24 novembre

intelligence véhiculaire

Anthony Courchesne, M.Sc.

Chargé de projets, robotique et intelligence artificielle

L’utilité de domaines substituts pour le développement et l’évaluation d’algorithmes de conduite autonome

Un problème récurrent dans le domaine de la robotique est la difficulté à reproduire les résultats et valider les affirmations faites par les scientifiques. Les expériences conduites en laboratoire donnent fréquemment des résultats propres à l’environnement dans lequel elles ont été effectuées, rendant la tâche de les reproduire et de les valider ardue et coûteuse. Pour cette raison, il est difficile de comparer la performance et la robustesse de différents contrôleurs robotiques. Les environnements substituts à faibles coûts sont populaires, mais introduisent une réduction de performance lorsque l’environnement cible est enfin utilisé.

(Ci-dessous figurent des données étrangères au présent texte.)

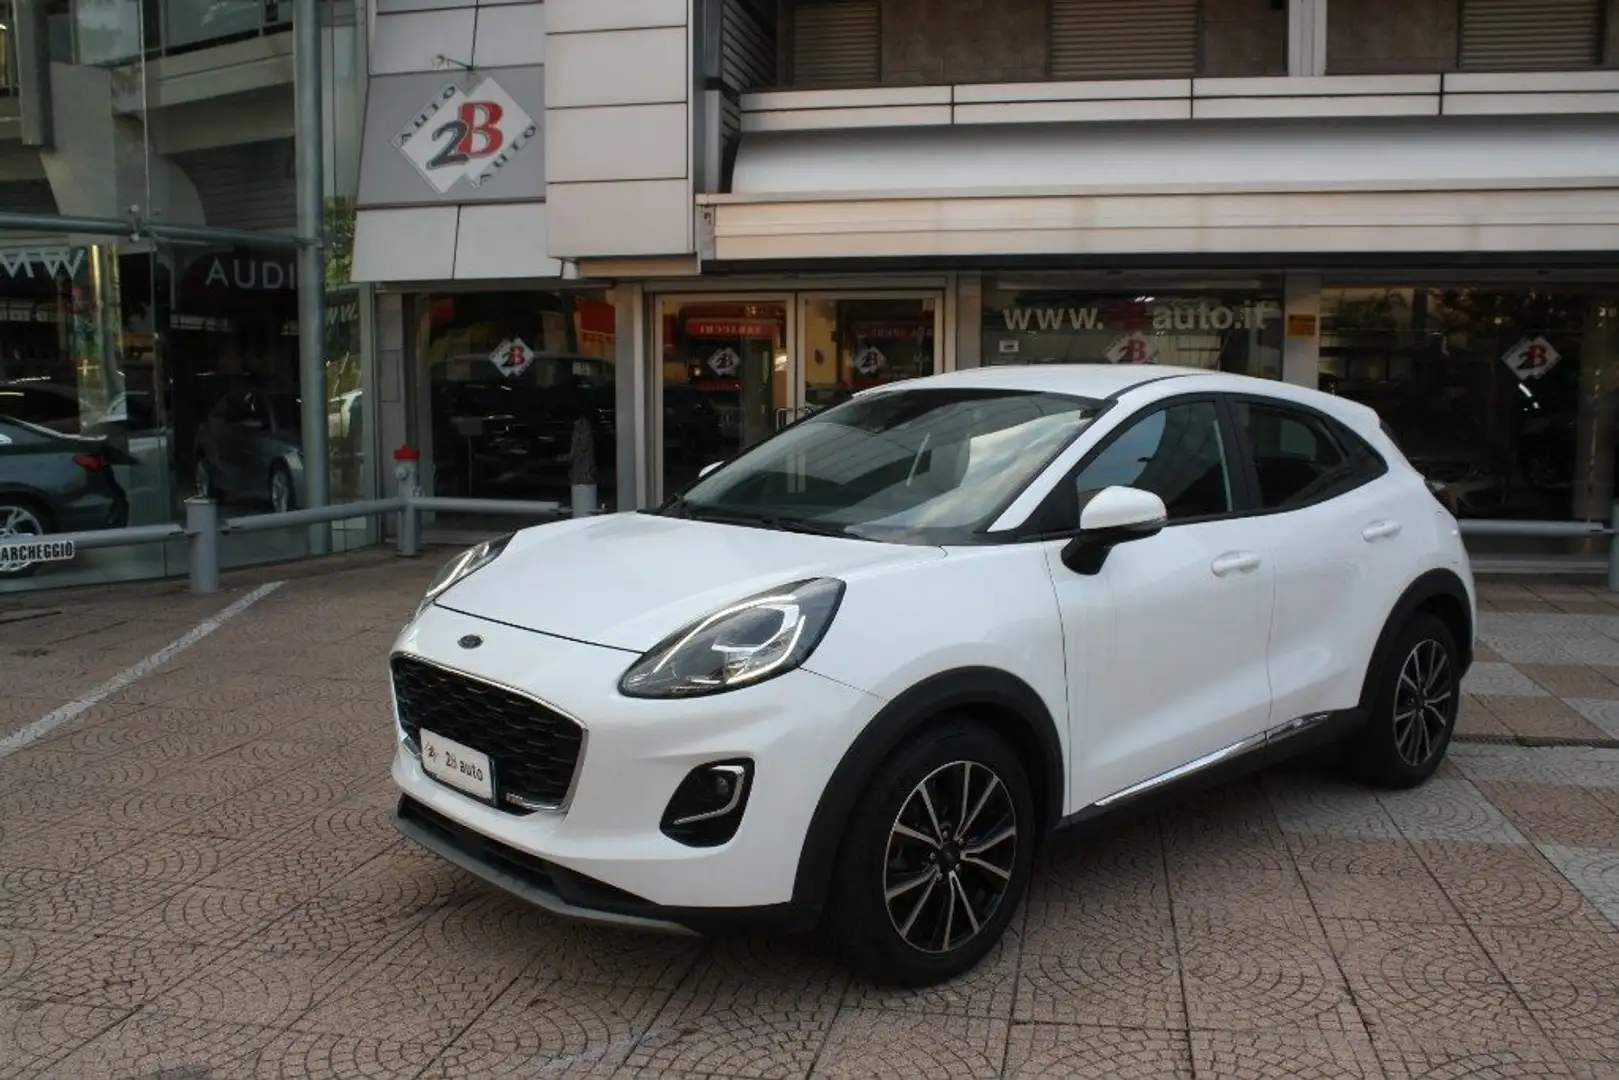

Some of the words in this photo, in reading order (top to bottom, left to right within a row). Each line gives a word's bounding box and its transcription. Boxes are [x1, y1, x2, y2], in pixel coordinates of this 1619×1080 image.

[399, 85, 456, 147] AUTO
[426, 101, 504, 170] 2B
[478, 125, 537, 187] AUTO
[205, 257, 296, 289] AUDI
[1, 541, 74, 561] ARCHEGGIO
[459, 760, 484, 782] auto

La présentation traitera de nouvelles méthodes utiles pour quantifier le « Reality Gap » dans différents contextes. Une analyse d’expériences de conduite autonome effectuées en simulation et en réalité permet de valider les nouvelles métriques.

Jean-Yves Deschênes

Architecte technologique

Le véhicule aux multiples intelligences

L'automobile est en voie de devenir un "ordinateur sur roues". L'intelligence y est multiple et distribuée. La conduite autonome n'est pas monolithique, elle requiert de nombreuses couches d'intelligence. Elle n'est pas, non plus, la seule application ou l'intelligence artificielle fait des incursions. Dans cette présentation, on verra quelques exemples d’où se nichera l'intelligence artificielle dans les véhicules, et on discutera des différents modèles de distribution du traitement dans le véhicule.

À partir de là, à vous d'identifier les opportunités!